Directions for this task = Your answer should reproduce the full set of records exactly as given.
--- Data supplied ---
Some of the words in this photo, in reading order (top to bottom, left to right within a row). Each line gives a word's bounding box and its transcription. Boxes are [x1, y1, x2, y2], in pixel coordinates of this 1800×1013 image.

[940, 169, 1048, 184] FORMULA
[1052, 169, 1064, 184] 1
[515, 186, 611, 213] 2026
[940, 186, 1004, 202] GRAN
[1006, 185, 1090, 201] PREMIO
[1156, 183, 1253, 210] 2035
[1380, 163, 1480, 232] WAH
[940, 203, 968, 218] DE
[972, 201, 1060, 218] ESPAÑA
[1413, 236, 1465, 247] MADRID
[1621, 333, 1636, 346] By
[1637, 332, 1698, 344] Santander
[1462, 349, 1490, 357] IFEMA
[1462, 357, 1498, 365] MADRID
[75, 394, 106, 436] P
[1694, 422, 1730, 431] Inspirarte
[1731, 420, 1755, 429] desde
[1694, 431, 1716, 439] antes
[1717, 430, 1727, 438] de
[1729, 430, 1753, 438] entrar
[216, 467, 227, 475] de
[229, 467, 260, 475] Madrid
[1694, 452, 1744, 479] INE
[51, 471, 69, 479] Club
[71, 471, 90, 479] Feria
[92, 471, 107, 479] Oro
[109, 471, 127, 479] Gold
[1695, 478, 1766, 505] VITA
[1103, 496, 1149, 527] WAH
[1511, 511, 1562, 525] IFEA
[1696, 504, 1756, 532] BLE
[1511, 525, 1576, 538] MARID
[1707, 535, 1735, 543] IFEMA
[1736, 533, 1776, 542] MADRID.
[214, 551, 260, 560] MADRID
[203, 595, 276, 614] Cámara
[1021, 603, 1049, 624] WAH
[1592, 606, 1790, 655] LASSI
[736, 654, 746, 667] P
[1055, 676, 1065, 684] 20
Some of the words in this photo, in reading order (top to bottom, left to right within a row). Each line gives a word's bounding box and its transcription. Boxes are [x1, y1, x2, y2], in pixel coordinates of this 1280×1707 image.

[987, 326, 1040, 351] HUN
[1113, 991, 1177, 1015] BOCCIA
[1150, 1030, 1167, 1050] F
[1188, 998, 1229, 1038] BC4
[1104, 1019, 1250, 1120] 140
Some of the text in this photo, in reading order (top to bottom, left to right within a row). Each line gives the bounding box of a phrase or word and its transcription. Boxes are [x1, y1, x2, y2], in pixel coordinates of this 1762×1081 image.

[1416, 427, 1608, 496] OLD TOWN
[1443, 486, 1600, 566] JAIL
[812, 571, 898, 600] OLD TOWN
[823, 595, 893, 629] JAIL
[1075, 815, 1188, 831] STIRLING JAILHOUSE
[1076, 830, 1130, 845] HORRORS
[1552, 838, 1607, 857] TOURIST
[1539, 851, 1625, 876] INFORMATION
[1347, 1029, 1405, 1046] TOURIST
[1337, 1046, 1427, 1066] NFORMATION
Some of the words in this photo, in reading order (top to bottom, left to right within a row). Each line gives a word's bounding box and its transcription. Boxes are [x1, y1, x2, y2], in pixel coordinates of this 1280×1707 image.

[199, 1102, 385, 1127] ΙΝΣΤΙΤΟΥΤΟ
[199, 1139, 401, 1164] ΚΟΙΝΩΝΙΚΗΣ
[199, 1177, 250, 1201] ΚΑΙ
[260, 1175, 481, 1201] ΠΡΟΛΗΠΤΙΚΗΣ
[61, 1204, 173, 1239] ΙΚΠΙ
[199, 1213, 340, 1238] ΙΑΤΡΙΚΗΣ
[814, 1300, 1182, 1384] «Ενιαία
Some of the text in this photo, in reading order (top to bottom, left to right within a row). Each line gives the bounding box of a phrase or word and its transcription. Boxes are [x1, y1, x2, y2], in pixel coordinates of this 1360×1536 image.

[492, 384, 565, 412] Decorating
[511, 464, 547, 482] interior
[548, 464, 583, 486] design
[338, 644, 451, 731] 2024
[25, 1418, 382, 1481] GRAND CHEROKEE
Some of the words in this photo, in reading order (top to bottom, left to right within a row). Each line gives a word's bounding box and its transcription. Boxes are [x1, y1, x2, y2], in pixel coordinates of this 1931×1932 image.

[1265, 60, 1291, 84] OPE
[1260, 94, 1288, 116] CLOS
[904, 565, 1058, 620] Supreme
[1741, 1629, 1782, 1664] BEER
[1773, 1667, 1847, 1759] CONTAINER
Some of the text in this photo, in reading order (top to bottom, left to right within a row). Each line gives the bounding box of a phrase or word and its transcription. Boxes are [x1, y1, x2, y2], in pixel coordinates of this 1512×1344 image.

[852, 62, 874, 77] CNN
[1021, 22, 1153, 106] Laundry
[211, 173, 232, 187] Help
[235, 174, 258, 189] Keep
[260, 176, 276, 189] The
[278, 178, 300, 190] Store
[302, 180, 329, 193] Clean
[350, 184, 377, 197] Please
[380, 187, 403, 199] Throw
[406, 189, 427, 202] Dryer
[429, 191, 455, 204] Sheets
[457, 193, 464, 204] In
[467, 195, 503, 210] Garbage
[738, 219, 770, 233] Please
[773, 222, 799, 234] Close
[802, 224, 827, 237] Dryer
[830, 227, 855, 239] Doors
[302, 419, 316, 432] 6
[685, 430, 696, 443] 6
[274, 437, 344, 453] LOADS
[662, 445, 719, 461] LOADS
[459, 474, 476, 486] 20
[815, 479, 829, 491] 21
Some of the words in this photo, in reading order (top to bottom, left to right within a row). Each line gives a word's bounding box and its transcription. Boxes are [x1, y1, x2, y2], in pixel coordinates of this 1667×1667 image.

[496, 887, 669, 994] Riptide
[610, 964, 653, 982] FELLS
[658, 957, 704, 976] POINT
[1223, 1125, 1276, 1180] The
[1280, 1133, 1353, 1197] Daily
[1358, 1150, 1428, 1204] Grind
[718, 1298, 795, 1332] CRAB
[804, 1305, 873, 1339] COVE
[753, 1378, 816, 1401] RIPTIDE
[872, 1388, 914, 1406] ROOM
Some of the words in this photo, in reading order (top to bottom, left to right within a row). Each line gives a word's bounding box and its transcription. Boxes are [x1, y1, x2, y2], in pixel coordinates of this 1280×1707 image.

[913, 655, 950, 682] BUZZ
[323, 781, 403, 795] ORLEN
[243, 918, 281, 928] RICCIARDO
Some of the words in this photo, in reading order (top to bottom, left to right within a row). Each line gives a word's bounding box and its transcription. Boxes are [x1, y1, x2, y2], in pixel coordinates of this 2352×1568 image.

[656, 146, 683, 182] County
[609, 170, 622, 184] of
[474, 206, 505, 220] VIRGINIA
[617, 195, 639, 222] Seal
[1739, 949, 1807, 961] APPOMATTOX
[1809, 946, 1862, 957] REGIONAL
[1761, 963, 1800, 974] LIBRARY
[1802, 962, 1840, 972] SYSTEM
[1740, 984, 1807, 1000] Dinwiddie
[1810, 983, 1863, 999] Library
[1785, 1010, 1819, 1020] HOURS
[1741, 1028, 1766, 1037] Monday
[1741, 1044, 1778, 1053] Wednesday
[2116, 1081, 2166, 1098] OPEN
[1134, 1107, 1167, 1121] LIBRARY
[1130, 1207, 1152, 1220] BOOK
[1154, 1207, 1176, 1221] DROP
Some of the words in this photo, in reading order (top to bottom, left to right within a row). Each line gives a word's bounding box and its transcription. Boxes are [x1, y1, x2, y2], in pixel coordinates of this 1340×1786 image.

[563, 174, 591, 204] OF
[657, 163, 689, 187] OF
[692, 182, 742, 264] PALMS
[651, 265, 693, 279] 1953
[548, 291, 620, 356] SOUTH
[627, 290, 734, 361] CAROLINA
---
Task output =
Some of the words in this photo, in reading order (top to bottom, left to right within a row). Each line gives a word's bounding box and its transcription. Boxes are [x1, y1, x2, y2], in pixel coordinates of this 1800×1013 image.

[940, 169, 1048, 184] FORMULA
[1052, 169, 1064, 184] 1
[515, 186, 611, 213] 2026
[940, 186, 1004, 202] GRAN
[1006, 185, 1090, 201] PREMIO
[1156, 183, 1253, 210] 2035
[1380, 163, 1480, 232] WAH
[940, 203, 968, 218] DE
[972, 201, 1060, 218] ESPAÑA
[1413, 236, 1465, 247] MADRID
[1621, 333, 1636, 346] By
[1637, 332, 1698, 344] Santander
[1462, 349, 1490, 357] IFEMA
[1462, 357, 1498, 365] MADRID
[75, 394, 106, 436] P
[1694, 422, 1730, 431] Inspirarte
[1731, 420, 1755, 429] desde
[1694, 431, 1716, 439] antes
[1717, 430, 1727, 438] de
[1729, 430, 1753, 438] entrar
[216, 467, 227, 475] de
[229, 467, 260, 475] Madrid
[1694, 452, 1744, 479] INE
[51, 471, 69, 479] Club
[71, 471, 90, 479] Feria
[92, 471, 107, 479] Oro
[109, 471, 127, 479] Gold
[1695, 478, 1766, 505] VITA
[1103, 496, 1149, 527] WAH
[1511, 511, 1562, 525] IFEA
[1696, 504, 1756, 532] BLE
[1511, 525, 1576, 538] MARID
[1707, 535, 1735, 543] IFEMA
[1736, 533, 1776, 542] MADRID.
[214, 551, 260, 560] MADRID
[203, 595, 276, 614] Cámara
[1021, 603, 1049, 624] WAH
[1592, 606, 1790, 655] LASSI
[736, 654, 746, 667] P
[1055, 676, 1065, 684] 20
Some of the words in this photo, in reading order (top to bottom, left to right within a row). Each line gives a word's bounding box and its transcription. Boxes are [x1, y1, x2, y2], in pixel coordinates of this 1280×1707 image.

[987, 326, 1040, 351] HUN
[1113, 991, 1177, 1015] BOCCIA
[1150, 1030, 1167, 1050] F
[1188, 998, 1229, 1038] BC4
[1104, 1019, 1250, 1120] 140
Some of the text in this photo, in reading order (top to bottom, left to right within a row). Each line gives the bounding box of a phrase or word and its transcription. Boxes are [x1, y1, x2, y2], in pixel coordinates of this 1762×1081 image.

[1416, 427, 1608, 496] OLD TOWN
[1443, 486, 1600, 566] JAIL
[812, 571, 898, 600] OLD TOWN
[823, 595, 893, 629] JAIL
[1075, 815, 1188, 831] STIRLING JAILHOUSE
[1076, 830, 1130, 845] HORRORS
[1552, 838, 1607, 857] TOURIST
[1539, 851, 1625, 876] INFORMATION
[1347, 1029, 1405, 1046] TOURIST
[1337, 1046, 1427, 1066] NFORMATION
Some of the words in this photo, in reading order (top to bottom, left to right within a row). Each line gives a word's bounding box and its transcription. Boxes are [x1, y1, x2, y2], in pixel coordinates of this 1280×1707 image.

[199, 1102, 385, 1127] ΙΝΣΤΙΤΟΥΤΟ
[199, 1139, 401, 1164] ΚΟΙΝΩΝΙΚΗΣ
[199, 1177, 250, 1201] ΚΑΙ
[260, 1175, 481, 1201] ΠΡΟΛΗΠΤΙΚΗΣ
[61, 1204, 173, 1239] ΙΚΠΙ
[199, 1213, 340, 1238] ΙΑΤΡΙΚΗΣ
[814, 1300, 1182, 1384] «Ενιαία
Some of the text in this photo, in reading order (top to bottom, left to right within a row). Each line gives the bounding box of a phrase or word and its transcription. Boxes are [x1, y1, x2, y2], in pixel coordinates of this 1360×1536 image.

[492, 384, 565, 412] Decorating
[511, 464, 547, 482] interior
[548, 464, 583, 486] design
[338, 644, 451, 731] 2024
[25, 1418, 382, 1481] GRAND CHEROKEE
Some of the words in this photo, in reading order (top to bottom, left to right within a row). Each line gives a word's bounding box and its transcription. Boxes are [x1, y1, x2, y2], in pixel coordinates of this 1931×1932 image.

[1265, 60, 1291, 84] OPE
[1260, 94, 1288, 116] CLOS
[904, 565, 1058, 620] Supreme
[1741, 1629, 1782, 1664] BEER
[1773, 1667, 1847, 1759] CONTAINER
Some of the text in this photo, in reading order (top to bottom, left to right within a row). Each line gives the bounding box of a phrase or word and its transcription. Boxes are [x1, y1, x2, y2], in pixel coordinates of this 1512×1344 image.

[852, 62, 874, 77] CNN
[1021, 22, 1153, 106] Laundry
[211, 173, 232, 187] Help
[235, 174, 258, 189] Keep
[260, 176, 276, 189] The
[278, 178, 300, 190] Store
[302, 180, 329, 193] Clean
[350, 184, 377, 197] Please
[380, 187, 403, 199] Throw
[406, 189, 427, 202] Dryer
[429, 191, 455, 204] Sheets
[457, 193, 464, 204] In
[467, 195, 503, 210] Garbage
[738, 219, 770, 233] Please
[773, 222, 799, 234] Close
[802, 224, 827, 237] Dryer
[830, 227, 855, 239] Doors
[302, 419, 316, 432] 6
[685, 430, 696, 443] 6
[274, 437, 344, 453] LOADS
[662, 445, 719, 461] LOADS
[459, 474, 476, 486] 20
[815, 479, 829, 491] 21
Some of the words in this photo, in reading order (top to bottom, left to right within a row). Each line gives a word's bounding box and its transcription. Boxes are [x1, y1, x2, y2], in pixel coordinates of this 1667×1667 image.

[496, 887, 669, 994] Riptide
[610, 964, 653, 982] FELLS
[658, 957, 704, 976] POINT
[1223, 1125, 1276, 1180] The
[1280, 1133, 1353, 1197] Daily
[1358, 1150, 1428, 1204] Grind
[718, 1298, 795, 1332] CRAB
[804, 1305, 873, 1339] COVE
[753, 1378, 816, 1401] RIPTIDE
[872, 1388, 914, 1406] ROOM
Some of the words in this photo, in reading order (top to bottom, left to right within a row). Each line gives a word's bounding box and its transcription. Boxes are [x1, y1, x2, y2], in pixel coordinates of this 1280×1707 image.

[913, 655, 950, 682] BUZZ
[323, 781, 403, 795] ORLEN
[243, 918, 281, 928] RICCIARDO
Some of the words in this photo, in reading order (top to bottom, left to right within a row). Each line gives a word's bounding box and its transcription. Boxes are [x1, y1, x2, y2], in pixel coordinates of this 2352×1568 image.

[656, 146, 683, 182] County
[609, 170, 622, 184] of
[474, 206, 505, 220] VIRGINIA
[617, 195, 639, 222] Seal
[1739, 949, 1807, 961] APPOMATTOX
[1809, 946, 1862, 957] REGIONAL
[1761, 963, 1800, 974] LIBRARY
[1802, 962, 1840, 972] SYSTEM
[1740, 984, 1807, 1000] Dinwiddie
[1810, 983, 1863, 999] Library
[1785, 1010, 1819, 1020] HOURS
[1741, 1028, 1766, 1037] Monday
[1741, 1044, 1778, 1053] Wednesday
[2116, 1081, 2166, 1098] OPEN
[1134, 1107, 1167, 1121] LIBRARY
[1130, 1207, 1152, 1220] BOOK
[1154, 1207, 1176, 1221] DROP
Some of the words in this photo, in reading order (top to bottom, left to right within a row). Each line gives a word's bounding box and its transcription. Boxes are [x1, y1, x2, y2], in pixel coordinates of this 1340×1786 image.

[563, 174, 591, 204] OF
[657, 163, 689, 187] OF
[692, 182, 742, 264] PALMS
[651, 265, 693, 279] 1953
[548, 291, 620, 356] SOUTH
[627, 290, 734, 361] CAROLINA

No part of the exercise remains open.